:: About this task ::
In the material below, find the line with "this 1696×954 image." and the line with "this 1512×1344 image.", then output both and every line between them exactly, omitting pictures.

:: Supplied records ::
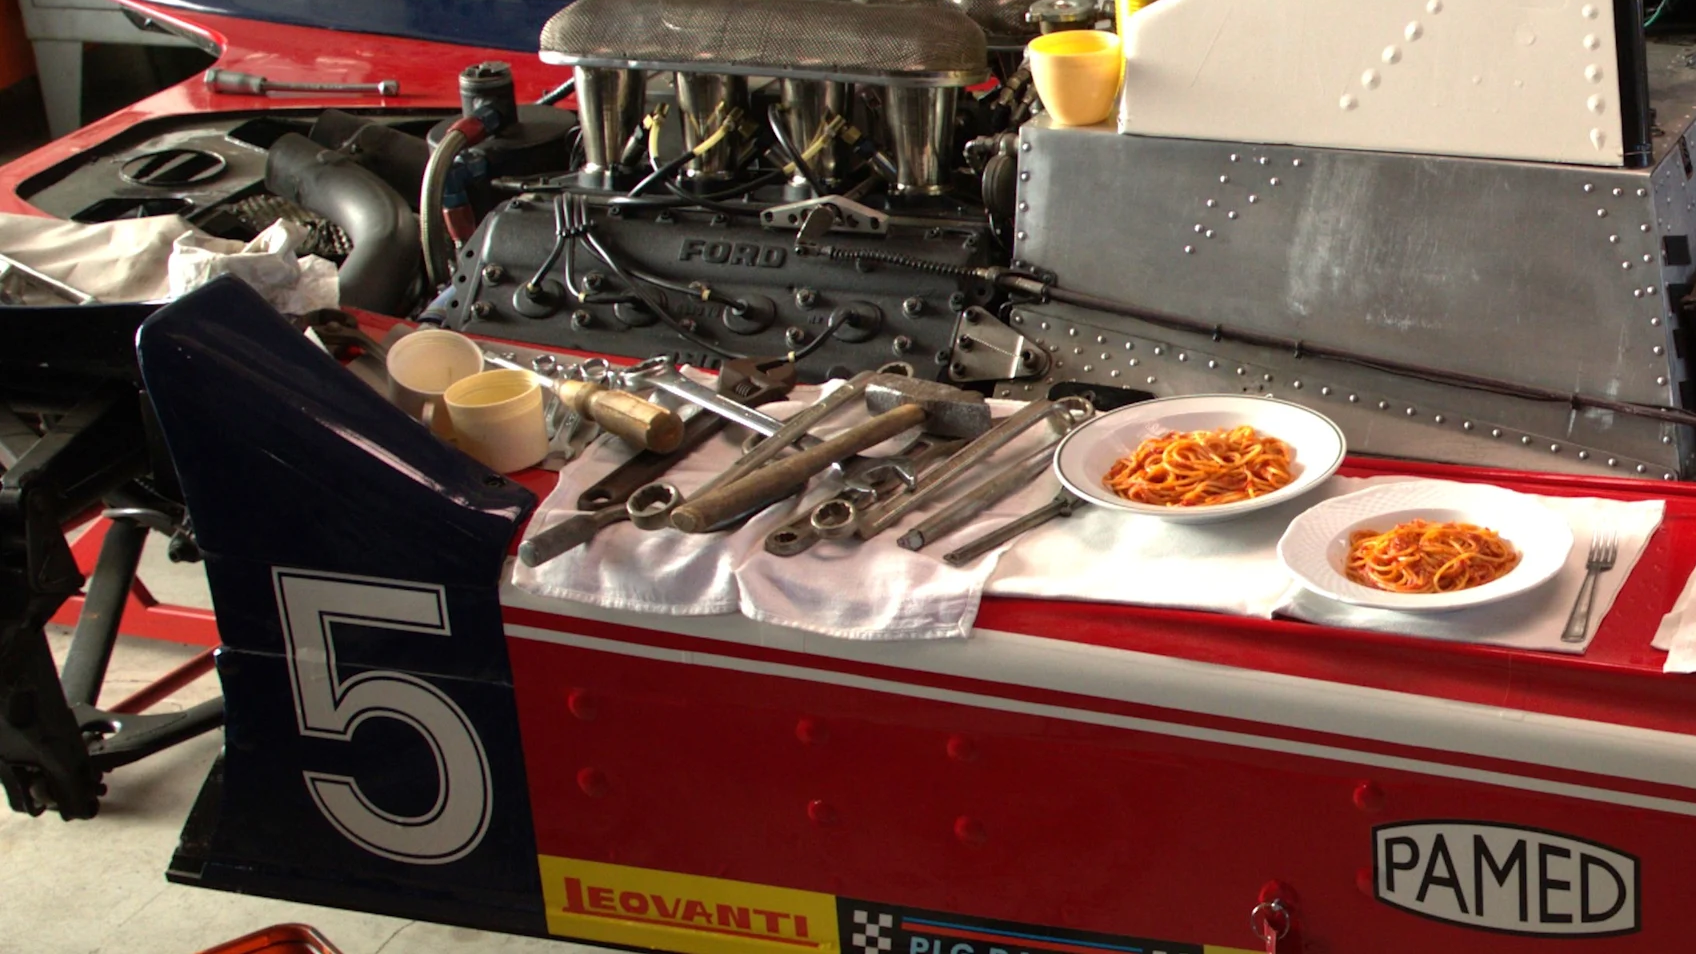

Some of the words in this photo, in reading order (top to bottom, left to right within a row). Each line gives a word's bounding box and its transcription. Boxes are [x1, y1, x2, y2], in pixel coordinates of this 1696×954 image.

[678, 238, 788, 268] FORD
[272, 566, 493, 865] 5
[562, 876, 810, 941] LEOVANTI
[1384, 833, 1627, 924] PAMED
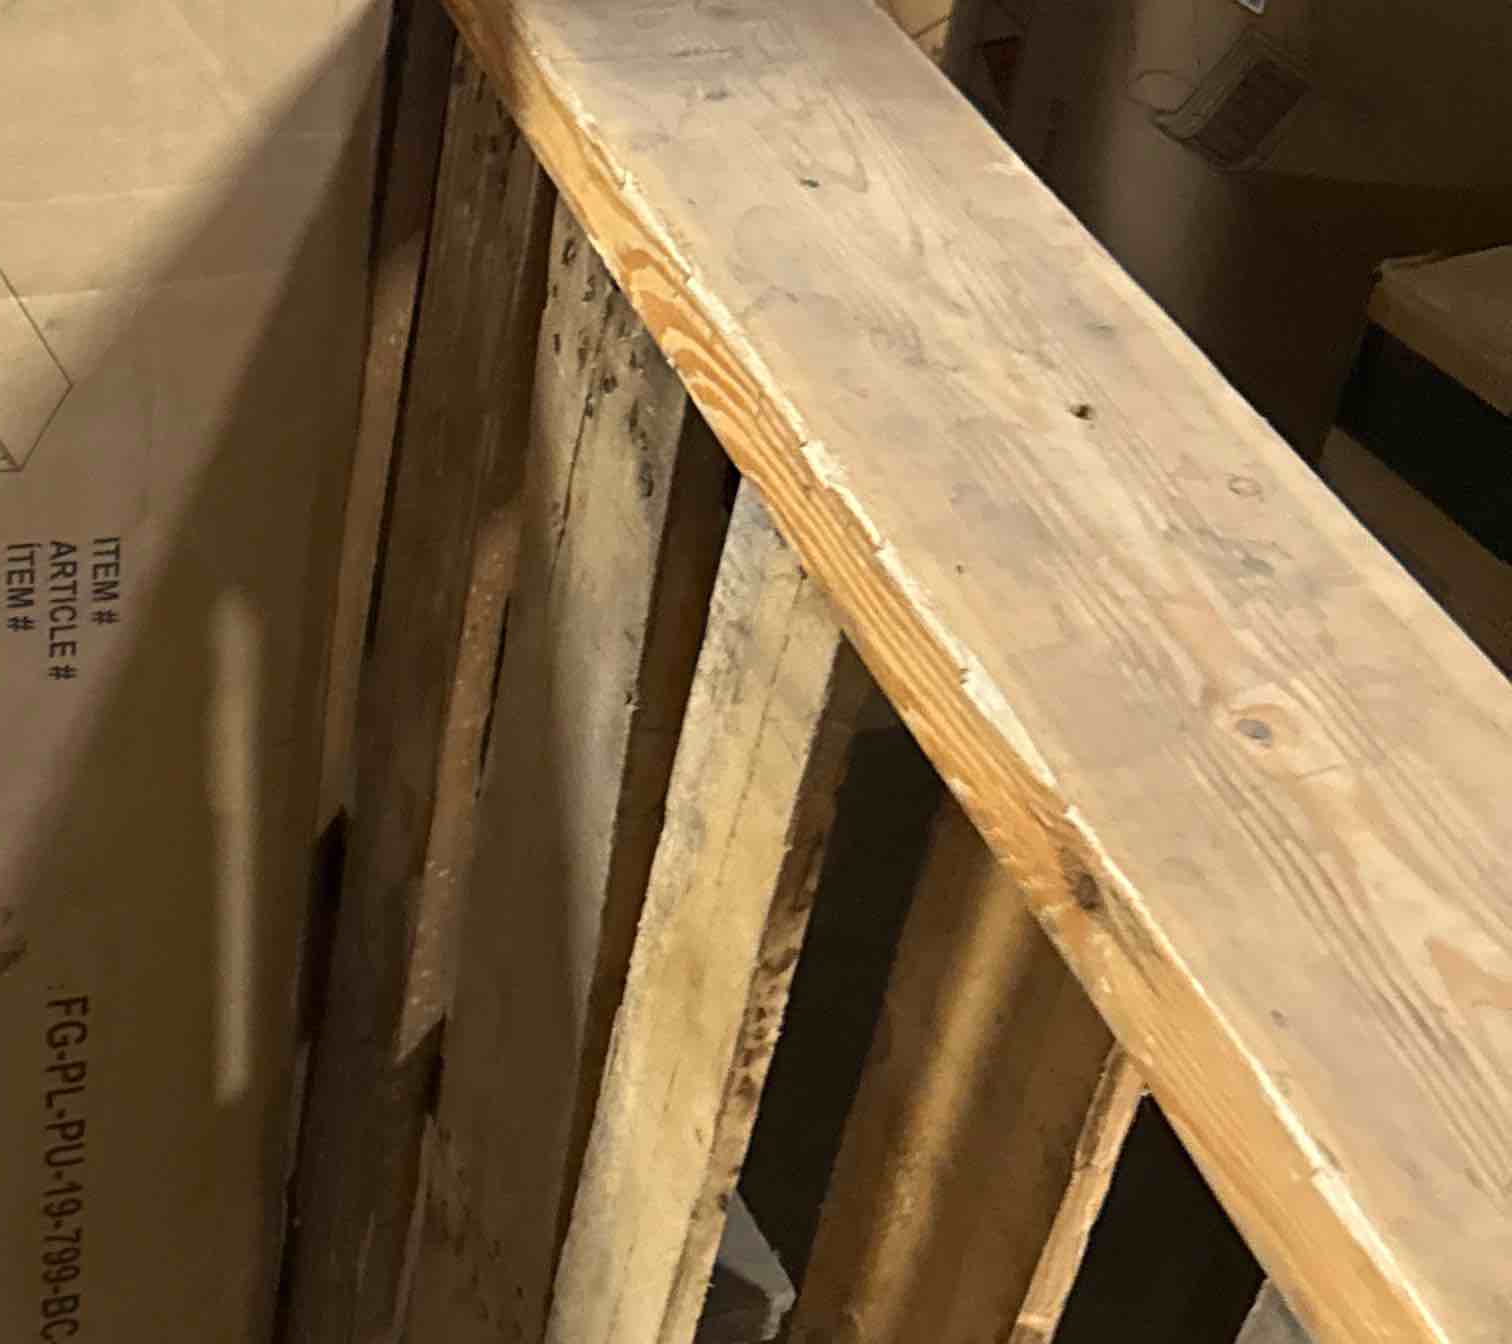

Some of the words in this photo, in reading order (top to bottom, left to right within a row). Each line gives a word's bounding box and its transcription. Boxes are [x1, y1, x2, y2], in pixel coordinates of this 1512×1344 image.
---
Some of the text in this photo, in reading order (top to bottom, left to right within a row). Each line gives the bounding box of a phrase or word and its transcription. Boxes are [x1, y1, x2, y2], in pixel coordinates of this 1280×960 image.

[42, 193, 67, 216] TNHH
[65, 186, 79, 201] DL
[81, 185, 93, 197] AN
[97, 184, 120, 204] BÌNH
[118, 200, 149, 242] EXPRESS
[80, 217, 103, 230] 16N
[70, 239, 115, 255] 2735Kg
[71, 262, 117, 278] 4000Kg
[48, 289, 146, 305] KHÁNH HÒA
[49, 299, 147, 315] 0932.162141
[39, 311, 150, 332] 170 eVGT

:: Output of the task ::
Some of the words in this photo, in reading order (top to bottom, left to right within a row). Each line gives a word's bounding box and its transcription. Boxes are [x1, y1, x2, y2], in pixel coordinates of this 1696×954 image.

[678, 238, 788, 268] FORD
[272, 566, 493, 865] 5
[562, 876, 810, 941] LEOVANTI
[1384, 833, 1627, 924] PAMED

Some of the words in this photo, in reading order (top to bottom, left to right within a row). Each line gives a word's bounding box and its transcription. Boxes are [x1, y1, x2, y2], in pixel coordinates of this 1512×1344 image.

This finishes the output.